CP: That was the first time you’d seen it?

AE: Yeah.

CP: In 2009?

AE: Yeah. I have some catching up to do. But it’s cool, because I’ve noticed that Bill Murray does have a lot of these kinds of rallying kinds of scenes in movies, and so that was one of the lessons at the time. As in, you can do all you can, but after a certain point, like, if you worry about things you just don’t have any control over you’re just being an asshole. So as I was watching this, I became so in love with this idea about doing something with these scenes. And, also, in 2008 I wasn’t that proactive creatively, and I thought, Yes! I have a project that I can work on for a long time. Forever, really, as long as Bill Murray is making movies.

CP: So have they been made in the order that they appear on your web site?

AE: Usually I try to stay chronological, and I’m at a point right now where I’m in the mid-’90s. The cool thing about this project is not only am I learning ways to deal with issues within my own life, but it’s also teaching me how to be a better filmmaker. Because what I’m doing is halfway between video art and filmmaking anyway. So I’ll look at the first one, the Meatballs one, and that’s a lot of fun, but since then I’ve been learning better ways of editing and better ways of making them, partially just by making mistakes.

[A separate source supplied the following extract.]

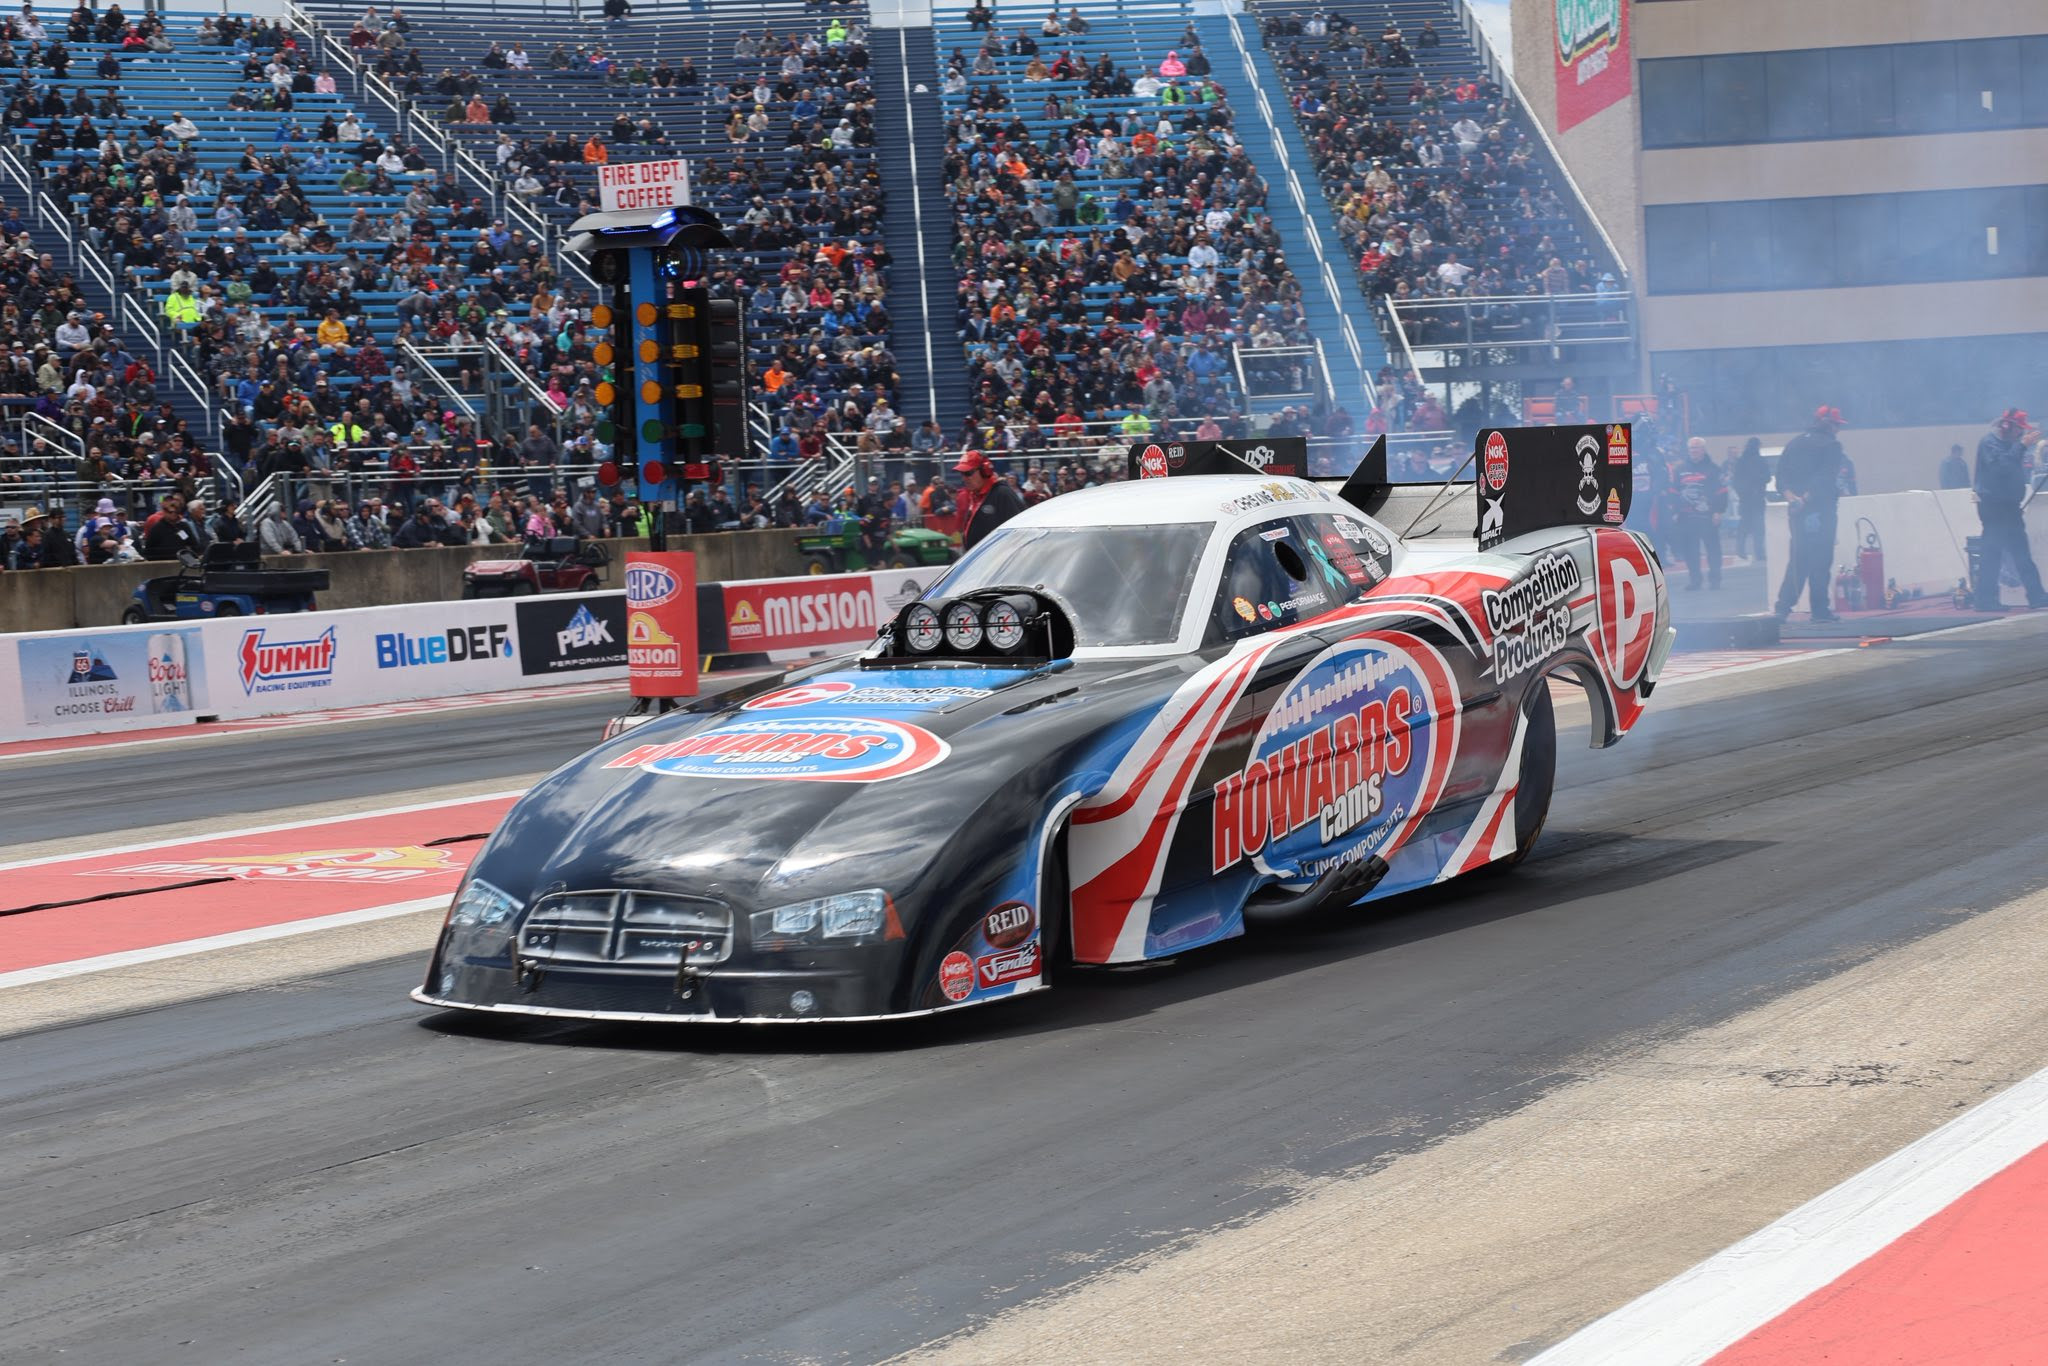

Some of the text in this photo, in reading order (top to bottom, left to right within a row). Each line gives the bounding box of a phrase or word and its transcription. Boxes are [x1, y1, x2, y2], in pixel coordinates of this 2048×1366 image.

But it’s fun to learn how easy it is to make certain kinds of movies when you’re emulating all these things. When I was doing Stripes, it doesn’t really have a scene that works for me in the same way. He does have a scene where he’s doing that sort of motivational speech, but the message is the army is the army. It’s not the army is cool or the army is busted, it’s just the army is the army. And I didn’t really know what to do with that, so I kind of made up my own scene in a kind of war video. And it was so easy—all you do is have some unforgiving terrain and put explosions in the background. It’s a war video. So I kind of hope he does a space movie, because I want to do a space video.

CP: Do you remember what the first Bill Murray movie you ever saw was?

AE: Oh god no. I mean, this could be Nick Nolte. This could be Robert Redford. You can pull out whatever meaning you want from a movie depending on whatever you’re going through. I mean, What About Bob? was pretty significant for me at the time, because I felt like I was Richard Dreyfuss and somebody else was Bob, and I was trying to make these things happen in my life. You can interpret yourself as anybody.